Court of Appeals of North Carolina

October 15, 2019

IN THE MATTER OF: J.T.S. and S.C.S.

          Heard in the Court of Appeals 3 September 2019.

          Appeal by Respondent-mother from order entered 17 August 2018 by Judge Larry D. Brown, Jr. in Alamance County District Court. Nos. 18 JA 51, 09 JA 184

          Jamie L. Hamlett for Petitioner-appellee Alamance County Department of Social Services.

          Deputy Parent Defender Annick Lenoir-Peek and Parent Defender Wendy C. Sotolongo for Respondent-appellant.

          Parker Poe Adams & Bernstein LLP, by Fern A. Paterson, for guardian ad litem.

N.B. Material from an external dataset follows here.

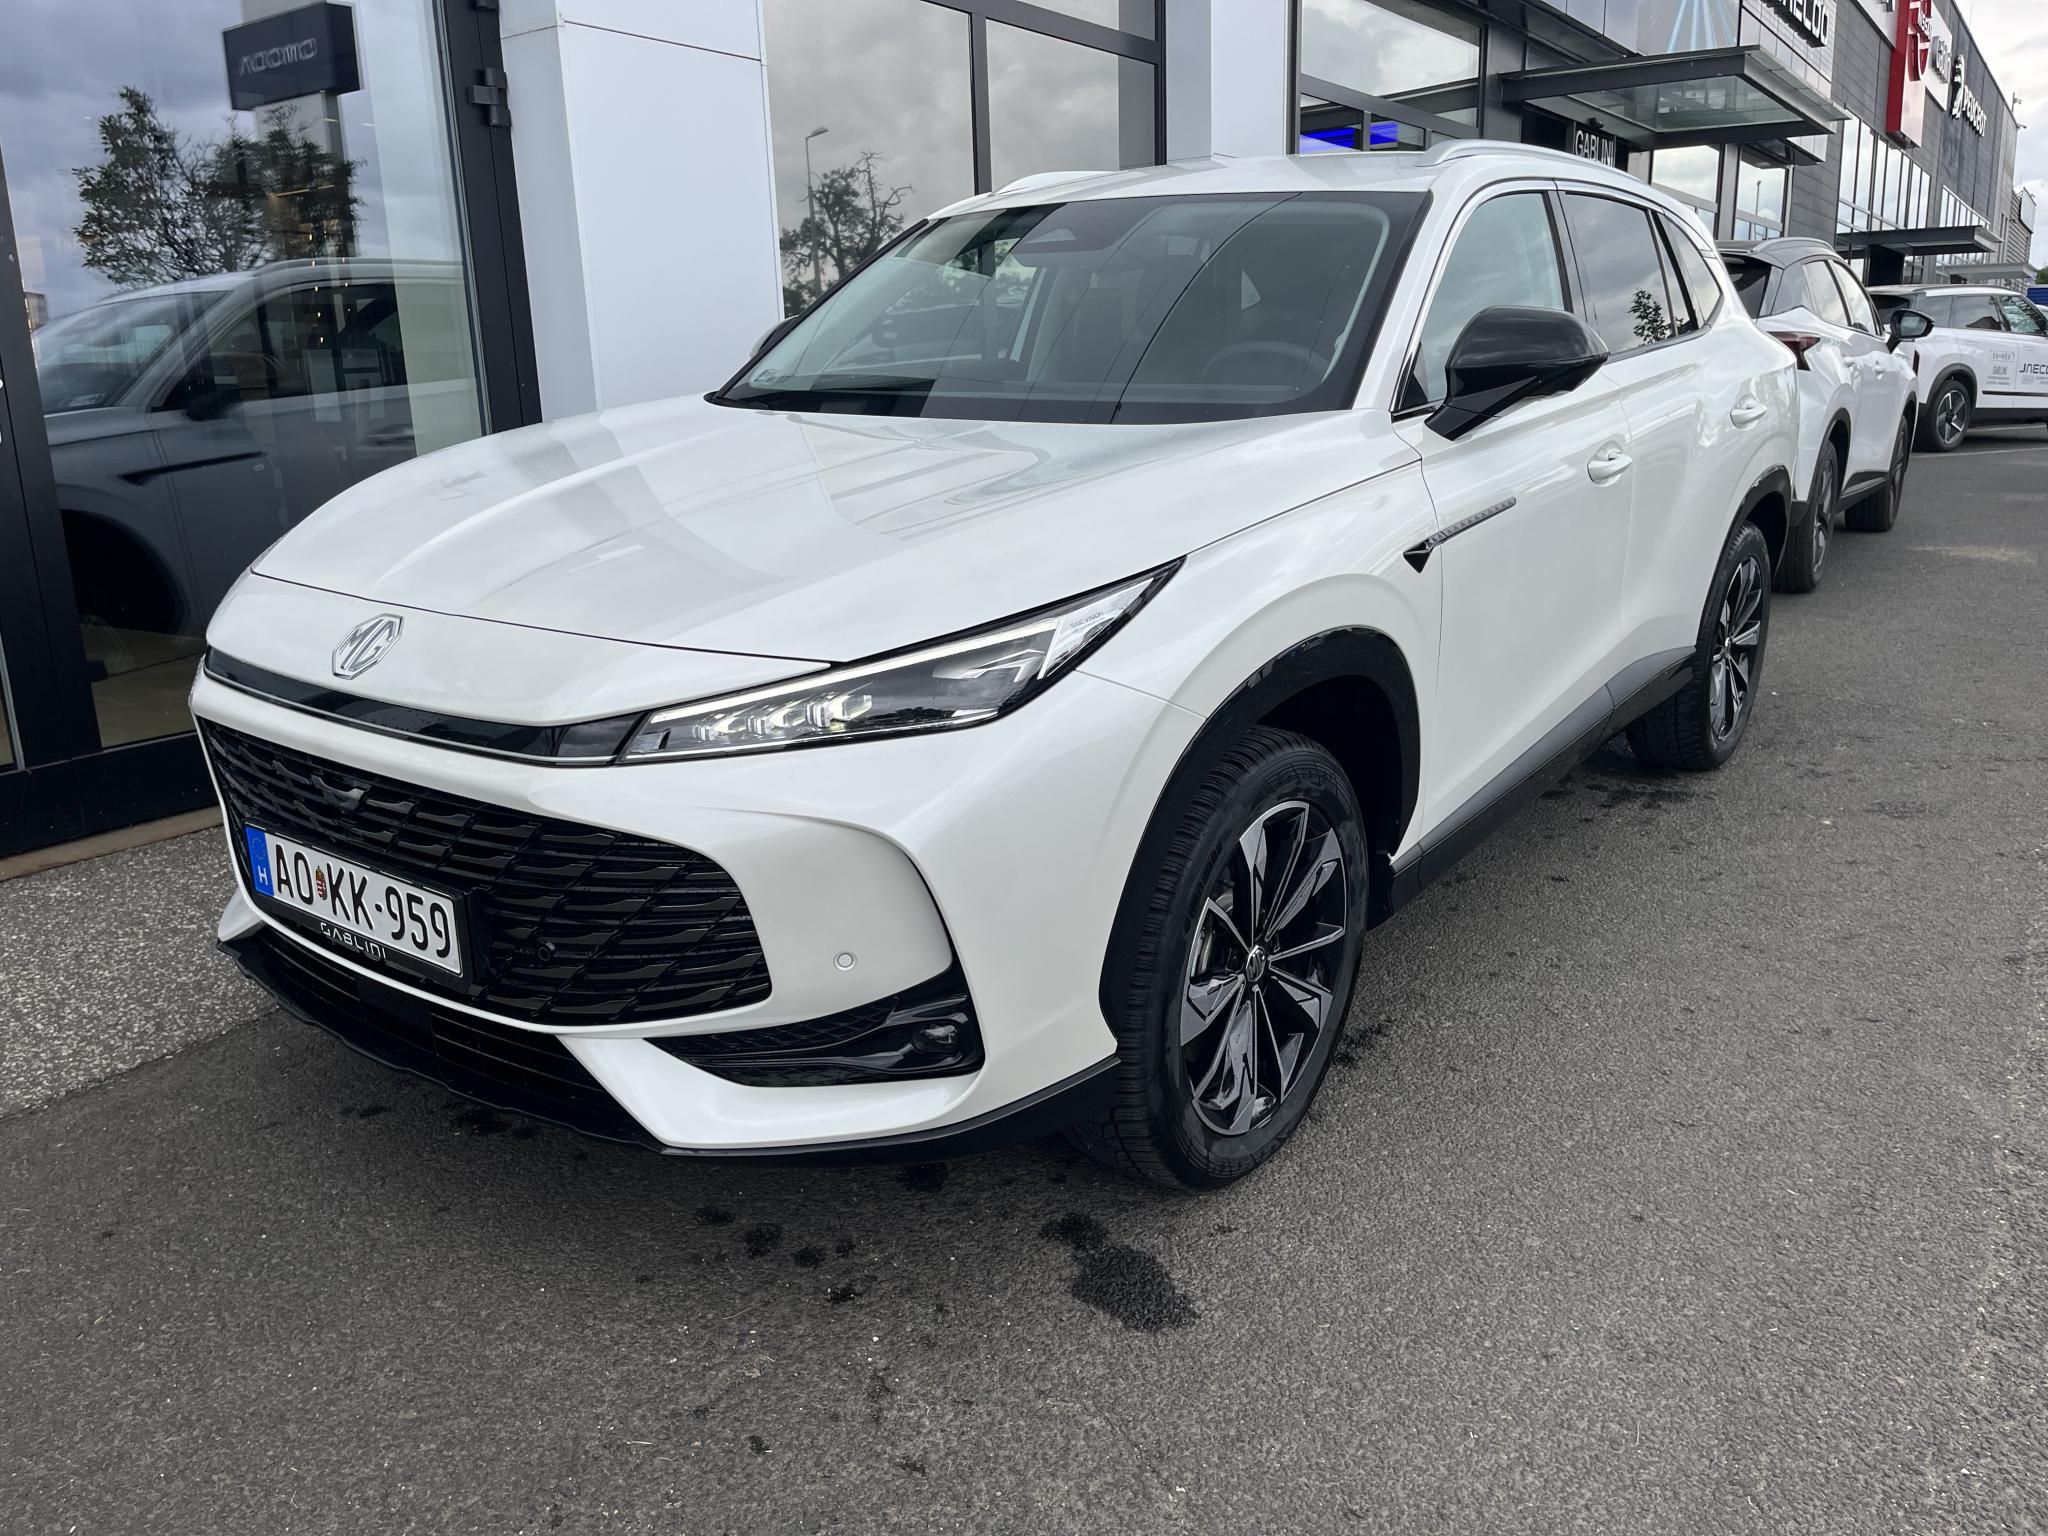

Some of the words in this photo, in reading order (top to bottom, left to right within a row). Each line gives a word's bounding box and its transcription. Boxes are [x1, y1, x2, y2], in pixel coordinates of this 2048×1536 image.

          McGEE, Chief Judge.

         Respondent, the mother of J.T.S. and S.C.S., appeals from a permanency planning order in which the trial court eliminated reunification as a permanent plan and awarded guardianship of J.T.S. and S.C.S. to their maternal grandparents. Respondent contends the trial court erred in: waiving review hearings, ordering a restrictive visitation schedule without considering costs, and eliminating reunification as a concurrent permanent plan. We affirm the trial court's order in part, and vacate and remand in part.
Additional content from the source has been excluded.